IFC plans to help Rizal Microbank improve its capacity and risk management to make quicker and better decisions in approving loans for agricultural suppliers, traders and service providers. The bank will later explore lending directly to farmers after gaining a better understanding of the risks involved.
Maria Lourdes Pineda, president of Rizal Microbank, said: “IFC’s technical know-how will accelerate our efforts in increasing lending to agricultural players such as suppliers, traders, processors, and postharvest facility providers. Most of them are small enterprises.”
“Our bank sees great potential in Mindanao’s agricultural sector, which contributes significantly to the country’s total agricultural output,” she said.
IFC’s agrifinance program focuses on raising the declining productivity of farms, which comprise a third of the country’s usable land and where one in three employed Filipinos earn a living. Since banks usually allot only 5 percent of their total loans to agriculture, this program, which is supported by funding from Canada, aims to improve access to credit for farmers.

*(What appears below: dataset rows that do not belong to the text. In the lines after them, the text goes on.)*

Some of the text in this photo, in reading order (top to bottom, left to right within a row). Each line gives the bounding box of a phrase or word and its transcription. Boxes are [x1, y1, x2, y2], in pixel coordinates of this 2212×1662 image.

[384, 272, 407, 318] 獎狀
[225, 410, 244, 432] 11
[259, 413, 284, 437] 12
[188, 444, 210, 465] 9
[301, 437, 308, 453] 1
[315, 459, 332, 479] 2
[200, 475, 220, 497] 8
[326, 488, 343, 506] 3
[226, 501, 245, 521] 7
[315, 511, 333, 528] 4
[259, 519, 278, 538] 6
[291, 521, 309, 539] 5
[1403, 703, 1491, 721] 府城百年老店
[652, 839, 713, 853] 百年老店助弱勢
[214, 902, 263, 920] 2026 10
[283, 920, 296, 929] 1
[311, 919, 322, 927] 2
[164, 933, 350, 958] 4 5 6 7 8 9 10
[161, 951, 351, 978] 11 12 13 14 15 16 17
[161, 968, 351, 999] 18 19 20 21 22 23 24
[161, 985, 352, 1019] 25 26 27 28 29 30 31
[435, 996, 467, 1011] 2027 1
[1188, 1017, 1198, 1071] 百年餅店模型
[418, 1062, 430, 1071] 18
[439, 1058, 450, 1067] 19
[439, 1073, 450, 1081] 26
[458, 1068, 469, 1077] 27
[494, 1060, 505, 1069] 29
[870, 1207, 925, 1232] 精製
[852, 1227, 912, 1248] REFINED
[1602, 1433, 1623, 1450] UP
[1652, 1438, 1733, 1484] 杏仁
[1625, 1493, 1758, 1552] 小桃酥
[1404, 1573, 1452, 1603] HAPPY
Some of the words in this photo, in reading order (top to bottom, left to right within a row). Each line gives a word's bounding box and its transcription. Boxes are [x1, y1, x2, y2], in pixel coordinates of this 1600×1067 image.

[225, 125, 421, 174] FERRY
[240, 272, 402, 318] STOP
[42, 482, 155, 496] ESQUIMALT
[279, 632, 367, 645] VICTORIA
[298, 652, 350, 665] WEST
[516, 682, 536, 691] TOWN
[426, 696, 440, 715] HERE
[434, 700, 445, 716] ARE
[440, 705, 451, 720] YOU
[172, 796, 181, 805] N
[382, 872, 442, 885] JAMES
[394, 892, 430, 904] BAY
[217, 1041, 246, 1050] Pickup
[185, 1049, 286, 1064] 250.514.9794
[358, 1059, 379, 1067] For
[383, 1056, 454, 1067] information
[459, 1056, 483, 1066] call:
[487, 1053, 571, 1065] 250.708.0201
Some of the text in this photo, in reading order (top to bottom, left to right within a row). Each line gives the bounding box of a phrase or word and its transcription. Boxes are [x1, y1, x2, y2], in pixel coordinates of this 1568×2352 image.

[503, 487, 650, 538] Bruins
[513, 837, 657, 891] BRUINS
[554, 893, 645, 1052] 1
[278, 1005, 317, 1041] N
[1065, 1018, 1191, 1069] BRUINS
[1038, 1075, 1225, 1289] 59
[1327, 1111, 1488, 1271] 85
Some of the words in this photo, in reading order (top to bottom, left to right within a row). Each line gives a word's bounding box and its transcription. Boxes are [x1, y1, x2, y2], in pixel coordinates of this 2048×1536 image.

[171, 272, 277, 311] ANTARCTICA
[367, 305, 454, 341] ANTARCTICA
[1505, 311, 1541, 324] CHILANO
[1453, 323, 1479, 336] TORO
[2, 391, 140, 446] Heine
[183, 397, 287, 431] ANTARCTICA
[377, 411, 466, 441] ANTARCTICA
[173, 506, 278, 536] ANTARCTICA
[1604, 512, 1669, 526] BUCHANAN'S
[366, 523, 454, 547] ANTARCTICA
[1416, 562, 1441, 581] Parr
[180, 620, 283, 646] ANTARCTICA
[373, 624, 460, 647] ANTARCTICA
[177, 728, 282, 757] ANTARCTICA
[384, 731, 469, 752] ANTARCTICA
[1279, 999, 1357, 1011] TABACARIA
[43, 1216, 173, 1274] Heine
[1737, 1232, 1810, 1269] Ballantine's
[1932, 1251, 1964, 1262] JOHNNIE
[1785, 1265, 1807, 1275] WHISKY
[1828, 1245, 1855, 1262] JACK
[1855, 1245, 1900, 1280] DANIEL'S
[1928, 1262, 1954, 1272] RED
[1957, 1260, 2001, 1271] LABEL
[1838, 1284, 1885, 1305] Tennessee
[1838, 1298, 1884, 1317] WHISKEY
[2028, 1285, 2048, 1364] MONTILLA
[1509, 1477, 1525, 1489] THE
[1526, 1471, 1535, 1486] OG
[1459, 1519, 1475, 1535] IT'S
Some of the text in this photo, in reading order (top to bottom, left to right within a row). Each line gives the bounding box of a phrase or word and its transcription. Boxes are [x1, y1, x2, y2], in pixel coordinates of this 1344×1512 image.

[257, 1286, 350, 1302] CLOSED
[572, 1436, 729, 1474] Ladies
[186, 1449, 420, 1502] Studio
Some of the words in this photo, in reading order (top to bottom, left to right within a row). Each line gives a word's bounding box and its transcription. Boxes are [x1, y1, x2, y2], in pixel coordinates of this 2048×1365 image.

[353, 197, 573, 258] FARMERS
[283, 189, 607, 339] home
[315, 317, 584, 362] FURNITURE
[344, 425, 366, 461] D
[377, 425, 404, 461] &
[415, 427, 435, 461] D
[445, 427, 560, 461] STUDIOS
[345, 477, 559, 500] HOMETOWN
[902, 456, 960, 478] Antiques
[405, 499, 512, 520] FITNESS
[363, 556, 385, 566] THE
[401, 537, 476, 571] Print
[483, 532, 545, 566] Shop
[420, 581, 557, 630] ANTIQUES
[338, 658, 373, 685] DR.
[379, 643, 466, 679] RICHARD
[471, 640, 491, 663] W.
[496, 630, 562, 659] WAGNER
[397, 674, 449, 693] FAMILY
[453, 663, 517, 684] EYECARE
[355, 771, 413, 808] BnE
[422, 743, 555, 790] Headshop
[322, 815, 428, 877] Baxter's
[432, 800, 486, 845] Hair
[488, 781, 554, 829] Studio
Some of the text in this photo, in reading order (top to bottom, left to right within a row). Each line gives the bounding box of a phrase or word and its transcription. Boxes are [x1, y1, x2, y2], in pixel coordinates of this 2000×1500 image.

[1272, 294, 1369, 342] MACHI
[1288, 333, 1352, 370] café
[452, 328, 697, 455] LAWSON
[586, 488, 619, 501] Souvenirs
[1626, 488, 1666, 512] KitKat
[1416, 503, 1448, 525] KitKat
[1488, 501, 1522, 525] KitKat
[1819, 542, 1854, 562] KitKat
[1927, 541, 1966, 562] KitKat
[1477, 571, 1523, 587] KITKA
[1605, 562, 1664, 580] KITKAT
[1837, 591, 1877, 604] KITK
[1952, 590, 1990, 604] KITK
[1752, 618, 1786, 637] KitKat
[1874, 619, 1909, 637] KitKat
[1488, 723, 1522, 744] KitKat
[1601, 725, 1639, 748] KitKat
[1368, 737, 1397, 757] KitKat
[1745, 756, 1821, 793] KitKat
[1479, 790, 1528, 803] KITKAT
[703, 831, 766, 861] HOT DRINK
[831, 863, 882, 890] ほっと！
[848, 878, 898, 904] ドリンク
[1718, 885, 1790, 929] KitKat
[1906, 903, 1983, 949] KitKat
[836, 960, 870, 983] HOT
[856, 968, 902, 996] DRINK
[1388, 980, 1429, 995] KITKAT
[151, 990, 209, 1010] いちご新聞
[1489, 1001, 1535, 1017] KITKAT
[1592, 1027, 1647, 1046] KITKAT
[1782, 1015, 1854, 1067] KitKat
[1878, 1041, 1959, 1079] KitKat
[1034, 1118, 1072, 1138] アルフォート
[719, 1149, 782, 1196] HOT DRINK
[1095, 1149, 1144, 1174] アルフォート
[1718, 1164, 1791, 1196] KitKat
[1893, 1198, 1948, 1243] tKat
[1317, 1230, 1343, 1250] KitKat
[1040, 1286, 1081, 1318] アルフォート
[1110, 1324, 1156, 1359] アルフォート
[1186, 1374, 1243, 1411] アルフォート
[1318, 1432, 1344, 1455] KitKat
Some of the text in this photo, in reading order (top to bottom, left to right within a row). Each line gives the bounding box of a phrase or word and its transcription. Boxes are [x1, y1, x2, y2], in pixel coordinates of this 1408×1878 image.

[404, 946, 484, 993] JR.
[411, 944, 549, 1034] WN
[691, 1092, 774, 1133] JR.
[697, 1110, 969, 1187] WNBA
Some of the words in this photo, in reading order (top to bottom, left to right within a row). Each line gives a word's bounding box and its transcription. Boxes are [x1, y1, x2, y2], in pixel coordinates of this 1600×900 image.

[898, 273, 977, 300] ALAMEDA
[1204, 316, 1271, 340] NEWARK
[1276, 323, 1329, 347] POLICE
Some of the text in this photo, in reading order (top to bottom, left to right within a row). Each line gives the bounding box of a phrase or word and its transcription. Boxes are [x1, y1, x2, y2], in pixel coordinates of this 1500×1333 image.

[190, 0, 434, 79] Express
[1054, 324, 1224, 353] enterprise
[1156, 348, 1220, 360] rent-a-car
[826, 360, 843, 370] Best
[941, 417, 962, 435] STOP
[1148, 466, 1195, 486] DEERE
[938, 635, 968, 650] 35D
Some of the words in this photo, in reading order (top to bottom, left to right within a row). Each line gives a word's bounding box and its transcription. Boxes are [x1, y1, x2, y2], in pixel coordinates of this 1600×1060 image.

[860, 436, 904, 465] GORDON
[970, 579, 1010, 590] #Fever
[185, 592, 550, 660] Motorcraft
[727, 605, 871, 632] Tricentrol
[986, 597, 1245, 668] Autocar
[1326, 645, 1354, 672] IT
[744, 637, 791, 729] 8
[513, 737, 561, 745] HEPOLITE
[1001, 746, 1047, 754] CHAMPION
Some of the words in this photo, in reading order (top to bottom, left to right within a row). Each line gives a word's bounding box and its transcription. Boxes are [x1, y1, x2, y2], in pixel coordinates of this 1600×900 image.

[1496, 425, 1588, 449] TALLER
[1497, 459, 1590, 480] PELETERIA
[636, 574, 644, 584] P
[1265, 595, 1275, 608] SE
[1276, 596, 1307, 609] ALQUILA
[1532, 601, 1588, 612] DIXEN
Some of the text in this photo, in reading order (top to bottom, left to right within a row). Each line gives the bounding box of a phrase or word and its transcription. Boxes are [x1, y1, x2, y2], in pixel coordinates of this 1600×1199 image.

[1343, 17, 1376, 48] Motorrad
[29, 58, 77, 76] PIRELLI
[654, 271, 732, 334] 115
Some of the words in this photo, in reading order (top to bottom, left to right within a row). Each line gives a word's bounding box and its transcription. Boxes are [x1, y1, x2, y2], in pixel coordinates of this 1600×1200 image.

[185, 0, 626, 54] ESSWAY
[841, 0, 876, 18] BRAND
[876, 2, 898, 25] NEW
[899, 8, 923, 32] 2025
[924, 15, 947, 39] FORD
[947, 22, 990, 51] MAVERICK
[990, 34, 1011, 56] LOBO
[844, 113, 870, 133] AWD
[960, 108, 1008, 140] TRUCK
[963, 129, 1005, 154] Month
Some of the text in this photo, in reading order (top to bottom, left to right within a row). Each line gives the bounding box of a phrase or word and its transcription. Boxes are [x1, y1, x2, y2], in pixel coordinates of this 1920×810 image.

Mindanao is considered the Philippines’ food basket, particularly in terms of rice, corn, coconut, coffee, fruits, vegetables and fisheries products. The entire island contributes significantly to the corn feed, livestock, and poultry subsectors, which increase the gross value of the economy by 37 percent.
The Philippine agribusiness sector employed a third of the country’s workforce, or around 13 million people but contributed only 11 percent of the country’s gross domestic product in 2012. Agribusiness growth declined to 2.9 percent in 2012 from 4.9 percent in 2007, causing three times more families to join the ranks of the poor in the farming sector as compared with other sectors.